Your task:
Please write out, exactly as given, the line that contains "this 1920×1280 image." and all lines that follow it through the end of the listing, and nothing else.

═══

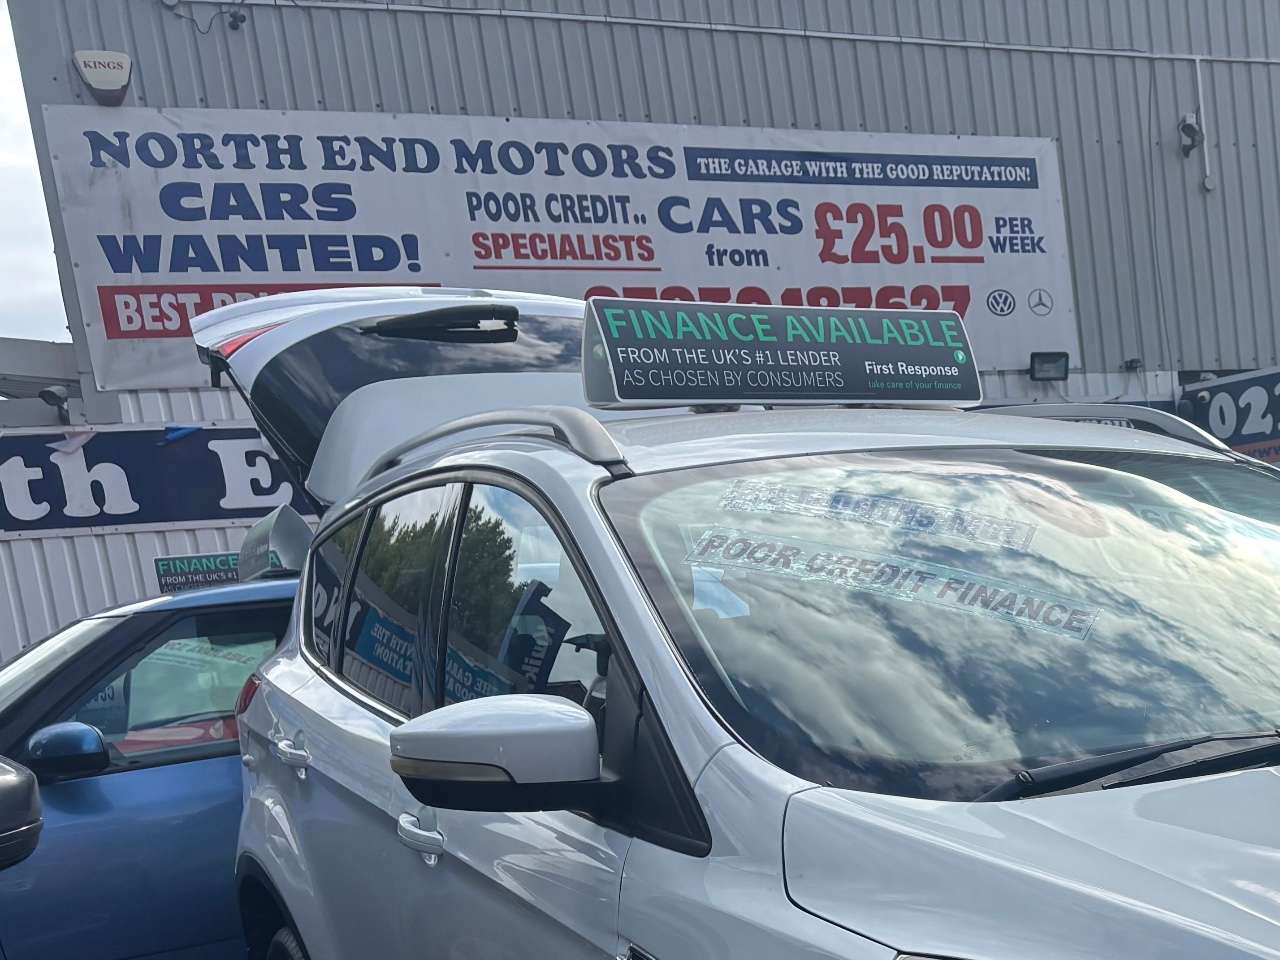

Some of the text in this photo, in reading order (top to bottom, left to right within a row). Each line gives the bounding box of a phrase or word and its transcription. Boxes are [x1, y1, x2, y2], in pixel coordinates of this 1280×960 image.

[82, 60, 124, 70] KINGS
[83, 131, 676, 180] NORTH END MOTORS
[697, 157, 1031, 182] THE GARAGE WITH THE GOOD REPUTATION!
[159, 182, 357, 222] CARS
[466, 192, 540, 224] POOR
[658, 197, 803, 236] CARS
[994, 216, 1035, 235] PER
[472, 231, 655, 262] SPECIALISTS
[814, 201, 984, 265] £25.00
[988, 236, 1047, 255] WEEK
[96, 234, 421, 274] WANTED!
[705, 243, 769, 267] from
[114, 292, 200, 332] BEST
[603, 308, 963, 348] FINANCE AVAILABLE
[617, 347, 841, 366] FROM THE UK'S #1 LENDER
[865, 361, 959, 378] First Response
[623, 369, 844, 387] AS CHOSEN BY CONSUMERS
[158, 555, 239, 575] FINANCE
[161, 575, 186, 585] FROM
[699, 532, 1091, 634] POOR CREDIT FINANCE
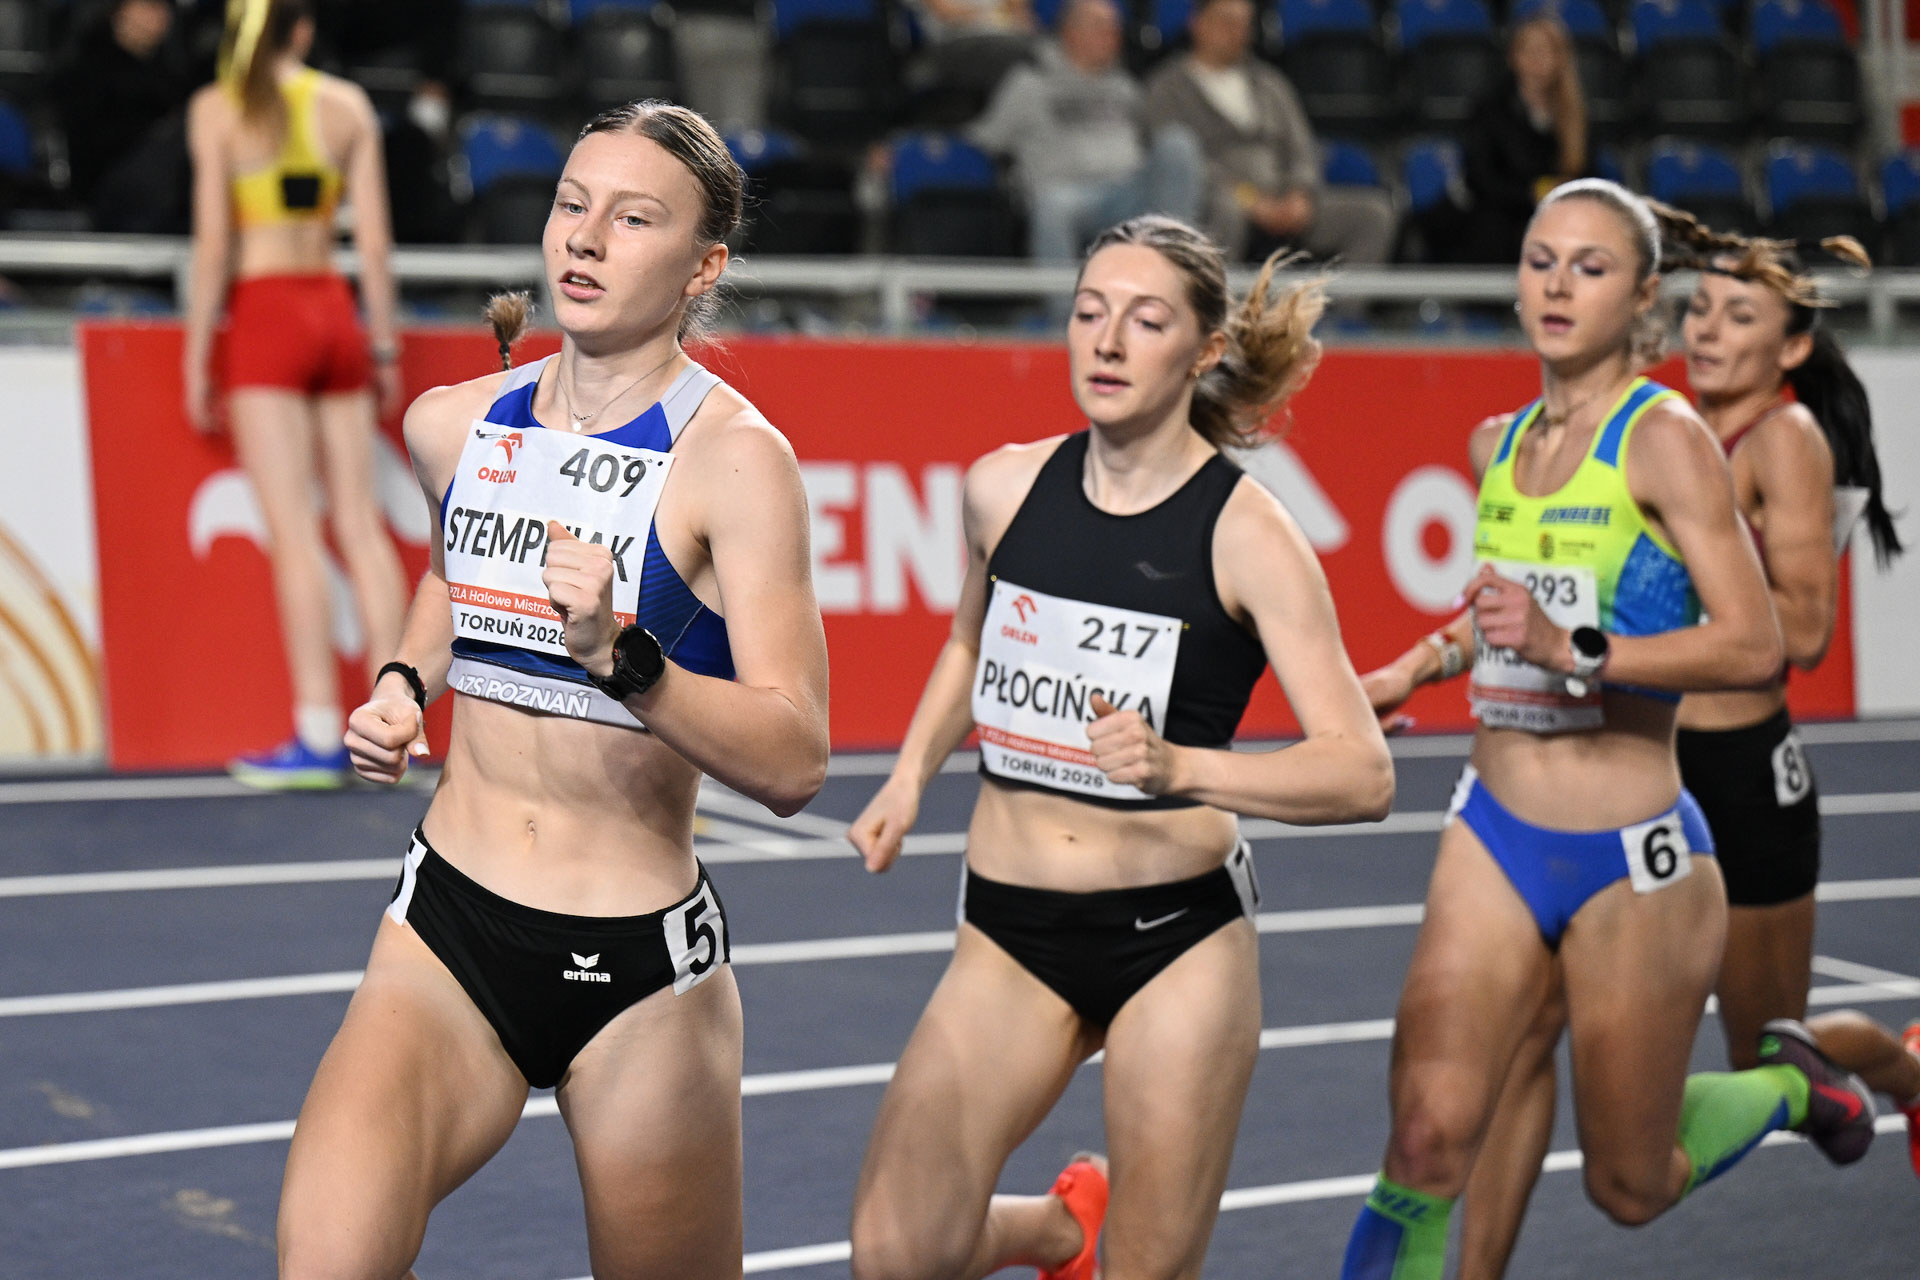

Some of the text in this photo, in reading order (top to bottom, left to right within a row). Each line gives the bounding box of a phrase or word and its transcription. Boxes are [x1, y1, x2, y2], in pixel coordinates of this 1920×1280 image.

[477, 466, 517, 484] ORLEN
[560, 447, 646, 498] 409
[446, 506, 635, 583] STEMPK
[469, 590, 512, 607] Halowe
[460, 612, 523, 638] TORUŃ
[1000, 624, 1038, 646] ORLEN
[1078, 616, 1160, 659] 217
[456, 674, 591, 718] AZS POZNAŃ
[1001, 754, 1057, 778] TORUŃ
[1061, 768, 1104, 788] 2026
[1783, 745, 1802, 794] 8
[1643, 826, 1677, 880] 6
[685, 896, 716, 975] 5
[563, 968, 611, 983] erima

═══

Problem solution:
Some of the text in this photo, in reading order (top to bottom, left to right within a row). Each line gives the bounding box of a phrase or word and its transcription. Boxes are [x1, y1, x2, y2], in pixel coordinates of this 1920×1280 image.

[477, 466, 517, 484] ORLEN
[560, 447, 646, 498] 409
[446, 506, 635, 583] STEMPK
[469, 590, 512, 607] Halowe
[460, 612, 523, 638] TORUŃ
[1000, 624, 1038, 646] ORLEN
[1078, 616, 1160, 659] 217
[456, 674, 591, 718] AZS POZNAŃ
[1001, 754, 1057, 778] TORUŃ
[1061, 768, 1104, 788] 2026
[1783, 745, 1802, 794] 8
[1643, 826, 1677, 880] 6
[685, 896, 716, 975] 5
[563, 968, 611, 983] erima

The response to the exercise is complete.